All the participants in the focus groups and the pilot study were ‘white British’. Two of 110 pupils in the validity and reliability study were from ethnic minority groups, Asian Pakistani and Black African. The small number of children from ethnic minority groups in this study reflects the low prevalence of ethnic minority groups in Wales (2.1% of total population in Wales are non-white).27 We do not know the socioeconomic background of the participants, but all the participants were studying in state-funded primary and comprehensive schools; all the children with a VI in each school, Visual Impairment Service, football team for visually impaired children and Gwent Actionnaires were recruited and none declined. There were three children with multiple disabilities (two with cerebral palsy and one with Asperger’s syndrome) in the pilot study. In the validation and reliability study, four children had multiple disabilities (one with Down’s syndrome, two with Say–Field–Coldwell syndrome and one with Stickler syndrome). There was no difficulty administering the questionnaire to any participants as they were all able to communicate verbally in English.
Every effort was made to include younger children throughout the study, for example separate focus groups were conducted with younger children (5–7 years old) during the development of the questionnaire.
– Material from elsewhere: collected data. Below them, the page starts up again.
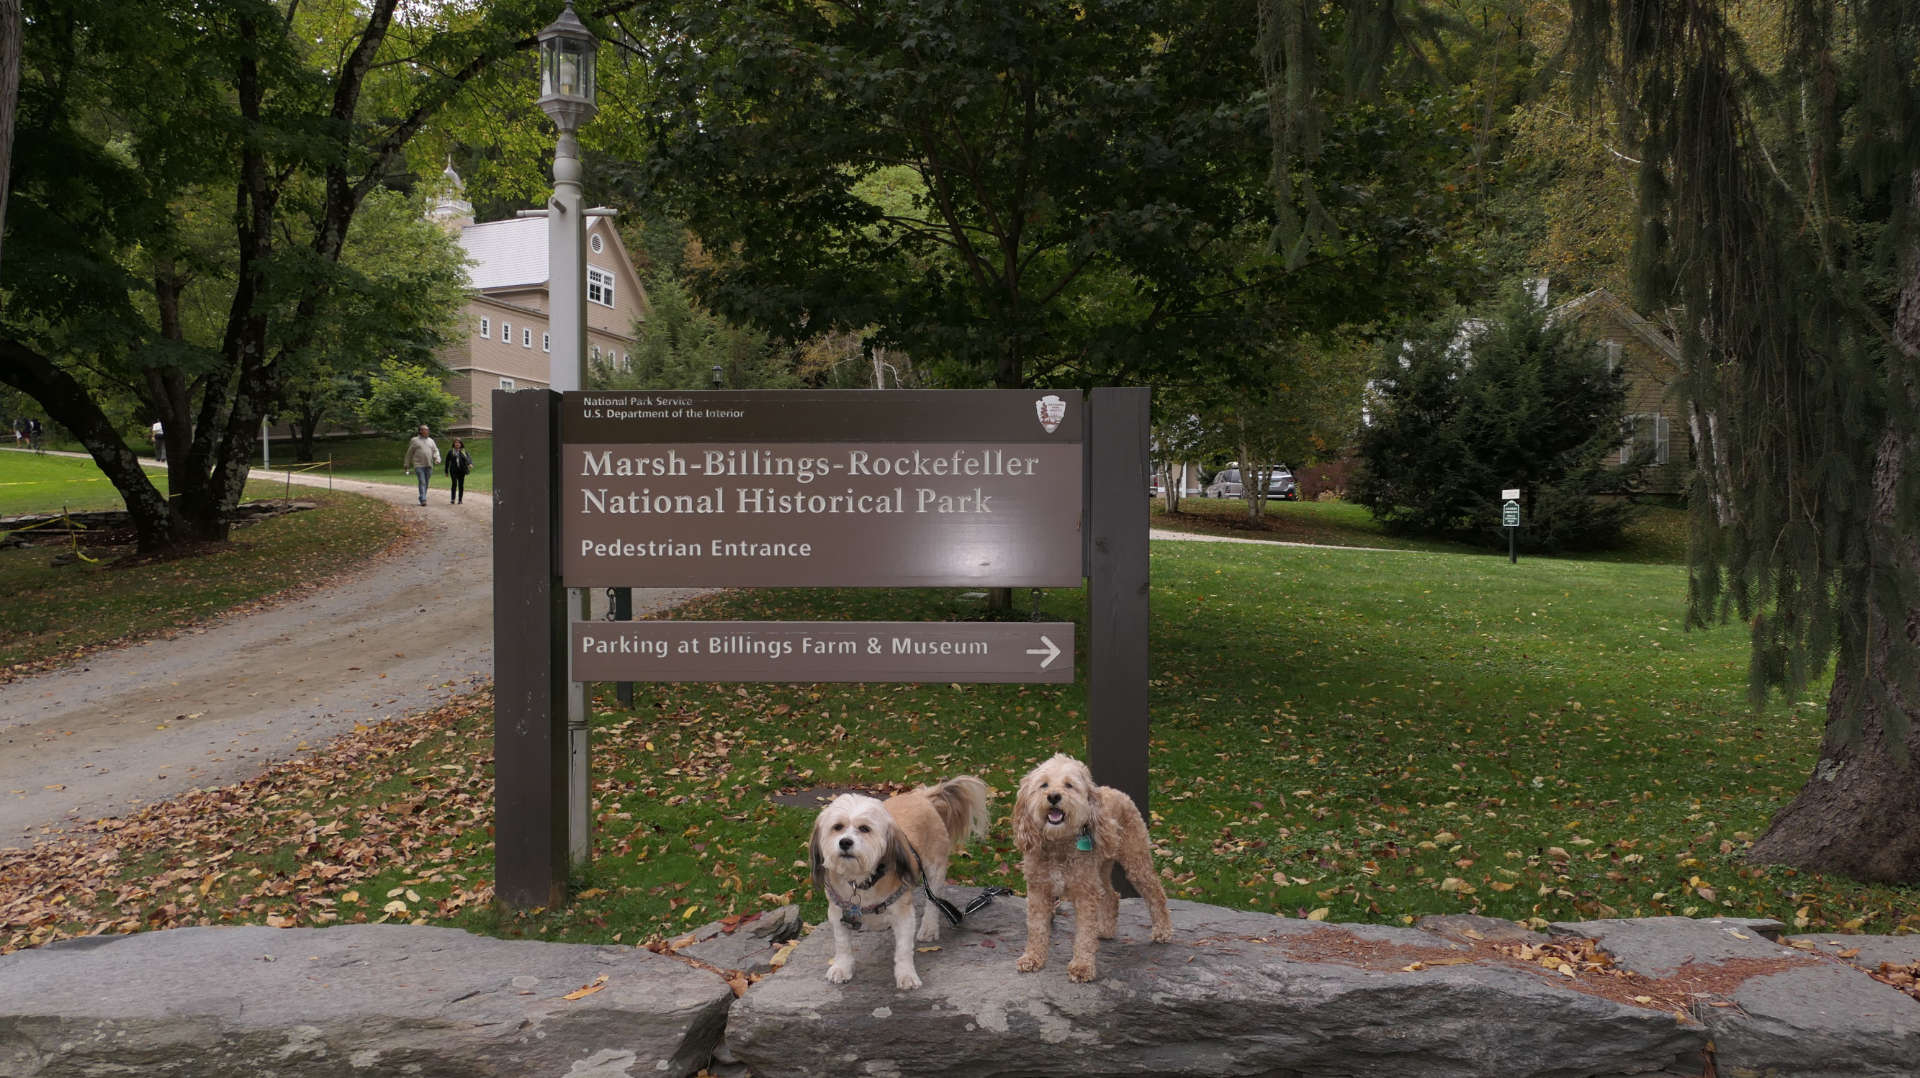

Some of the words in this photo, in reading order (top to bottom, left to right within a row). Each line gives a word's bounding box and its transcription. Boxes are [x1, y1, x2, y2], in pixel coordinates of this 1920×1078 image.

[583, 396, 628, 406] National
[630, 396, 653, 406] Park
[656, 396, 693, 406] Service
[583, 408, 604, 419] U.S.
[606, 408, 670, 421] Department
[671, 408, 683, 418] of
[686, 408, 703, 418] the
[705, 408, 745, 418] Interior
[580, 448, 1040, 484] Marsh-Billings-Rockefeller
[580, 487, 726, 514] National
[736, 487, 905, 514] Historical
[915, 488, 993, 514] Park
[580, 538, 702, 557] Pedestrian
[711, 539, 812, 557] Entrance
[582, 635, 668, 659] Parking
[677, 637, 700, 655] at
[709, 635, 793, 659] Billings
[802, 637, 857, 655] Farm
[866, 637, 882, 655] &
[892, 637, 989, 655] Museum
There was not any concern about the missing data across the study population (ie, only those with low missing data <25% were included). There was no evidence of notable differential item functioning between primary and secondary school participants. However, the sample size for younger children (<7 years) was too small to separately assess DIF, reliability and validity of the tool in this age group. This is an area that needs further investigation.
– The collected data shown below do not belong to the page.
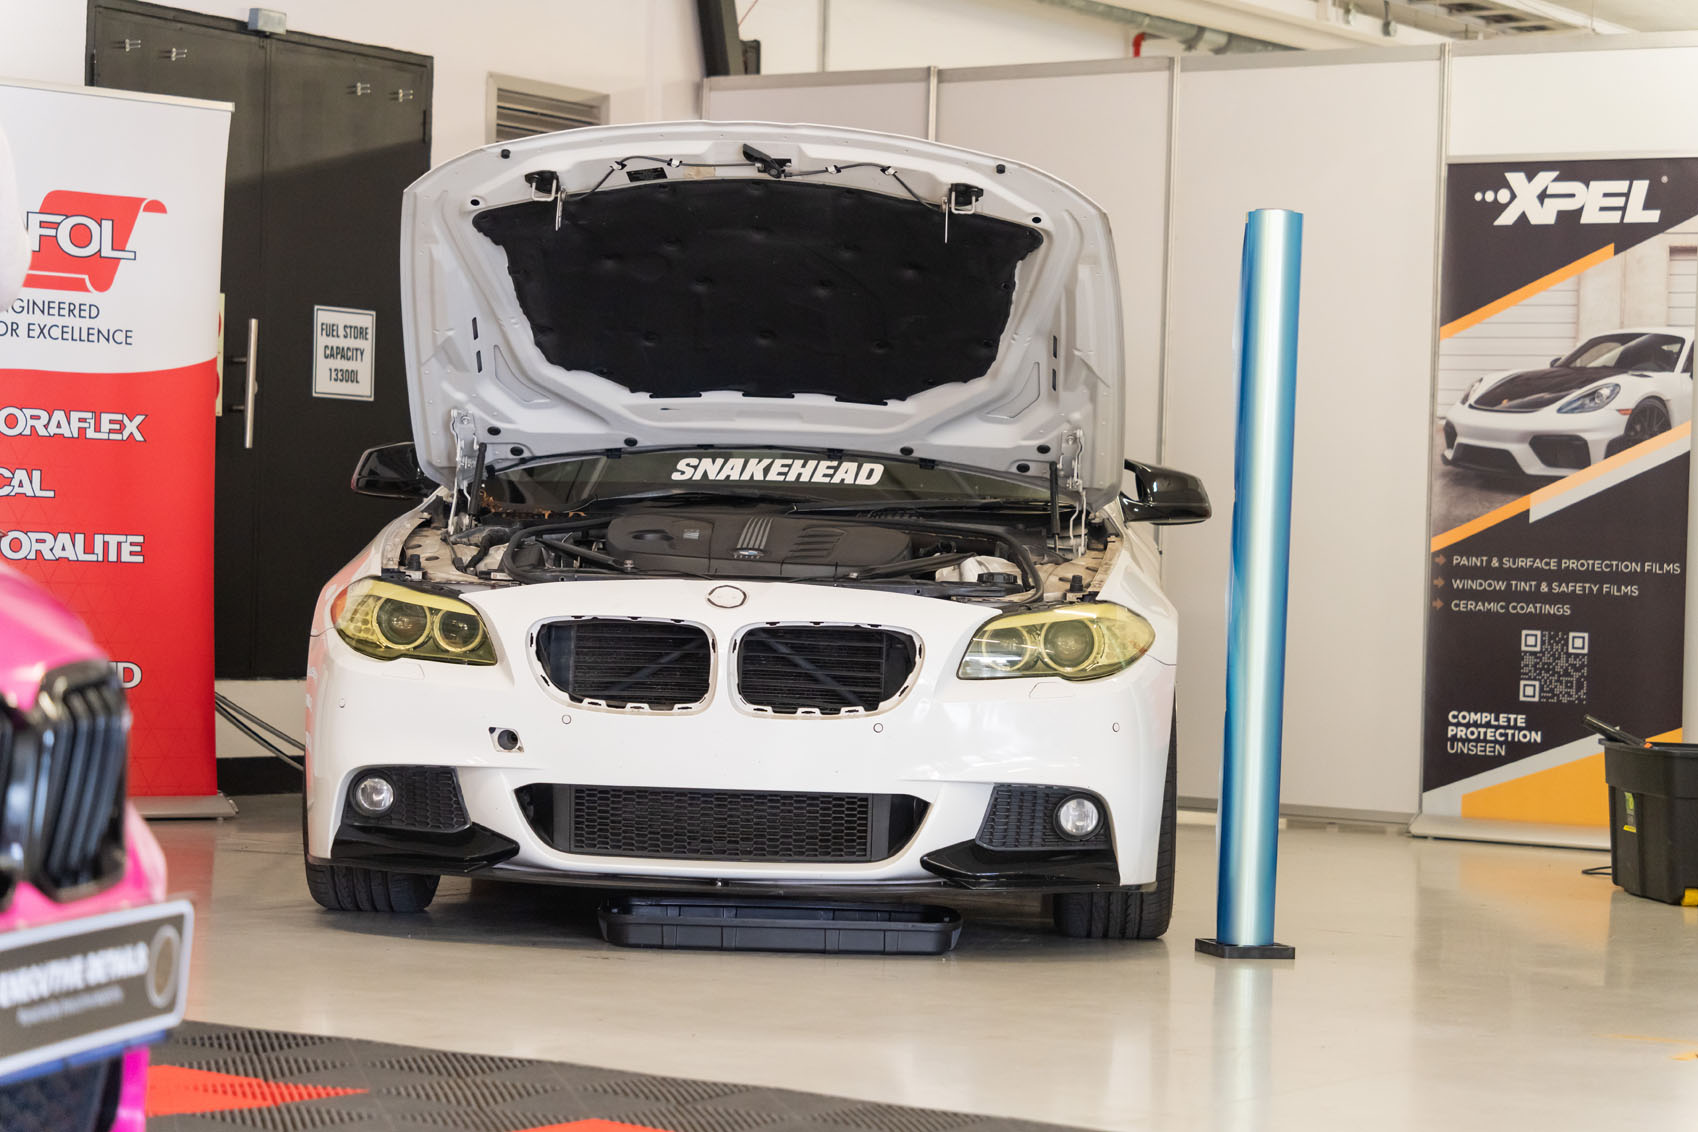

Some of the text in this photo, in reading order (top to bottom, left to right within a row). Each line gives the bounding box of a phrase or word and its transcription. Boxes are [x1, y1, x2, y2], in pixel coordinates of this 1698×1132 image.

[1493, 171, 1661, 226] XPEL
[27, 211, 136, 261] FOL
[11, 298, 100, 319] GINEERED
[0, 320, 133, 346] OR EXCELLENCE
[320, 322, 369, 341] FUEL STORE
[324, 344, 365, 362] CAPACITY
[329, 368, 360, 384] 13300L
[0, 406, 148, 442] ORAFLEX
[671, 457, 885, 486] SNAKEHEAD
[0, 467, 55, 498] CAL
[0, 530, 144, 563] ORALITE
[1452, 555, 1681, 574] PAINT & SURFACE PROTECTION FILMS
[1452, 578, 1639, 596] WINDOW TINT & SAFETY FILMS
[1451, 600, 1571, 616] CERAMIC COATINGS
[1448, 711, 1526, 727] COMPLETE
[1447, 726, 1541, 744] PROTECTION
[1447, 741, 1506, 756] UNSEEN
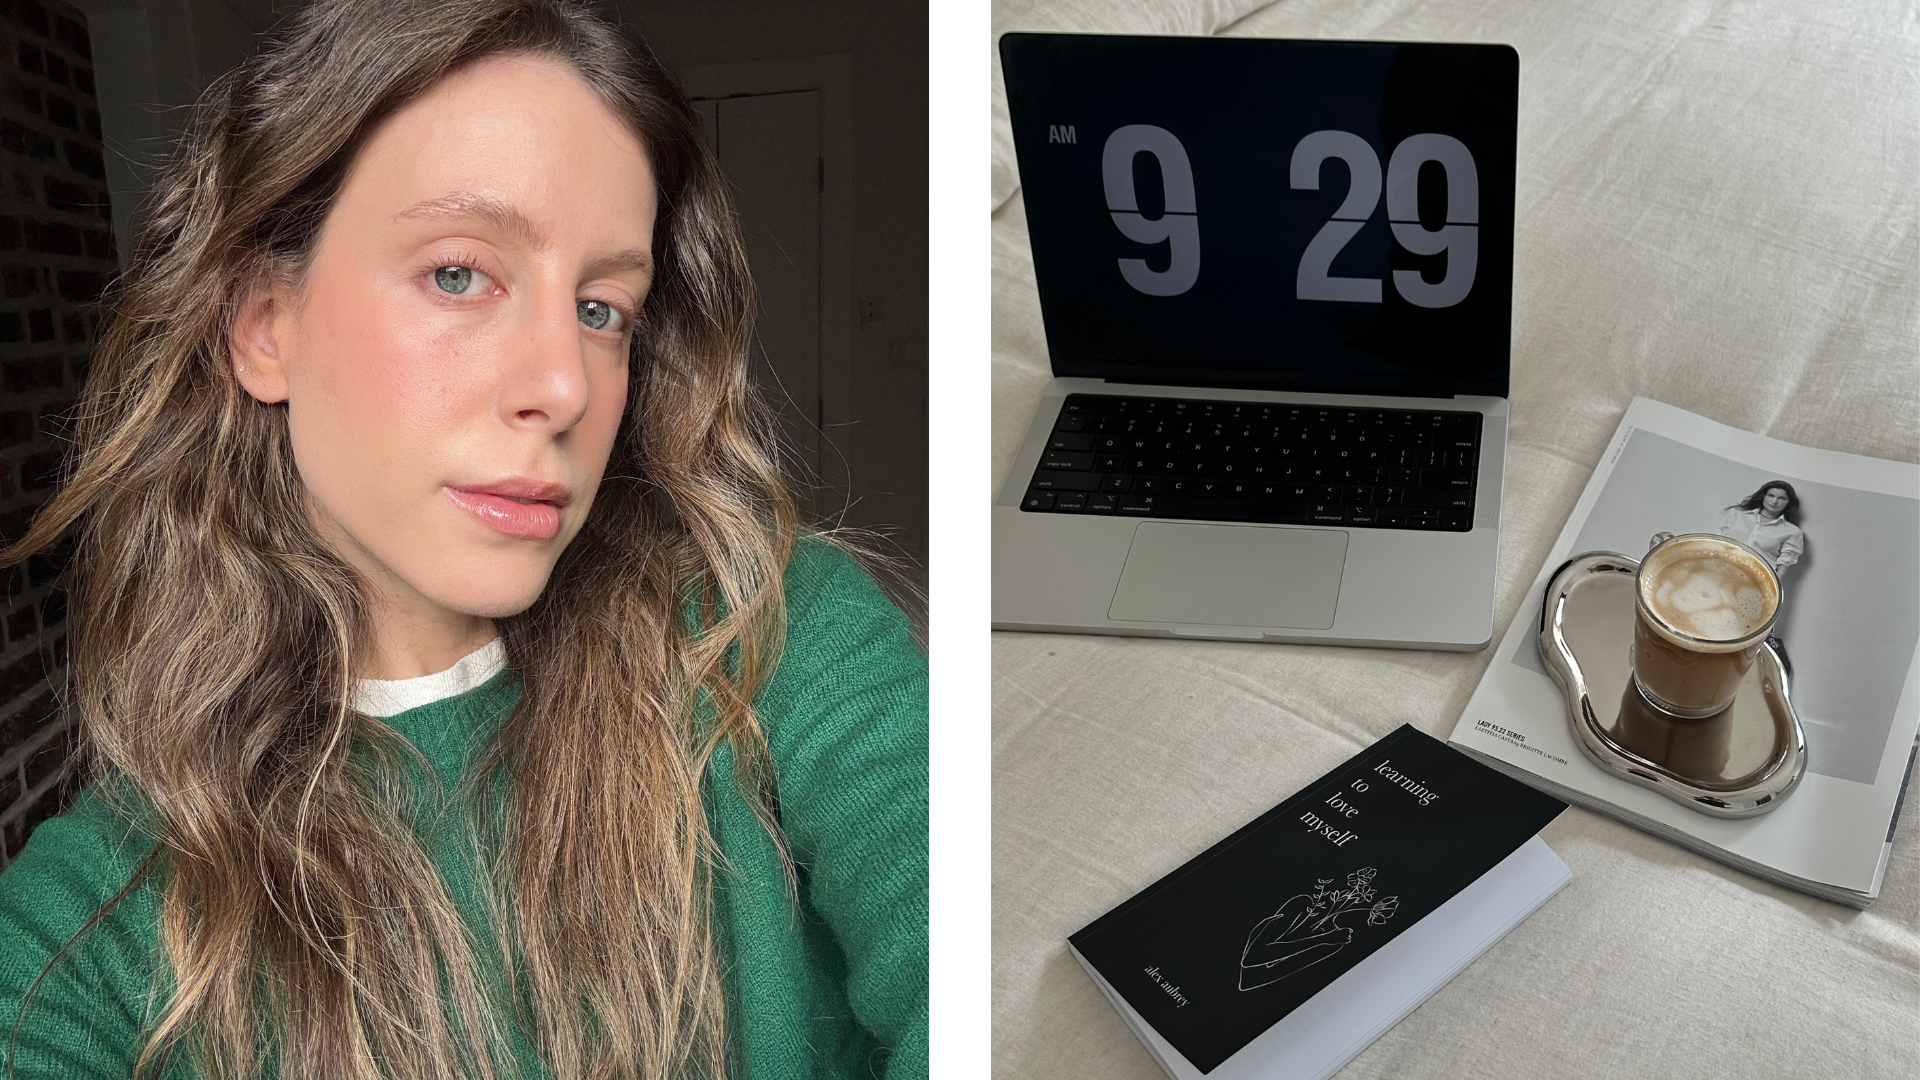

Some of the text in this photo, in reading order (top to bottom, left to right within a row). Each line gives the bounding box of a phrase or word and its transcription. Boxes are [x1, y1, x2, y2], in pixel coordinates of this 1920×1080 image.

[1048, 124, 1078, 145] AM
[1101, 123, 1479, 309] 9 29
[1475, 726, 1499, 737] LAETITIA
[1520, 743, 1543, 755] BRIGITTE
[1506, 730, 1526, 742] SERIES
[1350, 777, 1370, 793] to
[1373, 760, 1440, 806] learning
[1325, 791, 1359, 819] love
[1299, 811, 1359, 848] myself
[1144, 965, 1190, 1008] alex aubrey
In conclusion, the 25-item CVAQC is a reliable and a valid measure of visual ability in children and young people with a visual impairment. Because it uses items representing activities important to children across the age range, it may prove useful to those wishing to characterise the nature and degree of the difficulties that children and young people with a VI experience in everyday life.
The authors would like to thank all the participating children and young people and Mr Nathan Davies for his contribution in conducting the focus group study. We would also like to acknowledge Gwent Actionnaires, Gwent Visual Impairment Service, the Royal National College for the Blind and all the qualified teachers for visually impaired children in Wales. This project was funded by the Welsh Assembly Government, UK.
Competing interests None.
Patient consent Obtained.
Ethics approval All the procedures adhered to the tenets of the Declaration of Helsinki. Ethics approval was obtained separately for the focus groups, pilot and the main study for validity assessment from the School Human Research Ethical Committee at Cardiff University.
Provenance and peer review Not commissioned; externally peer reviewed.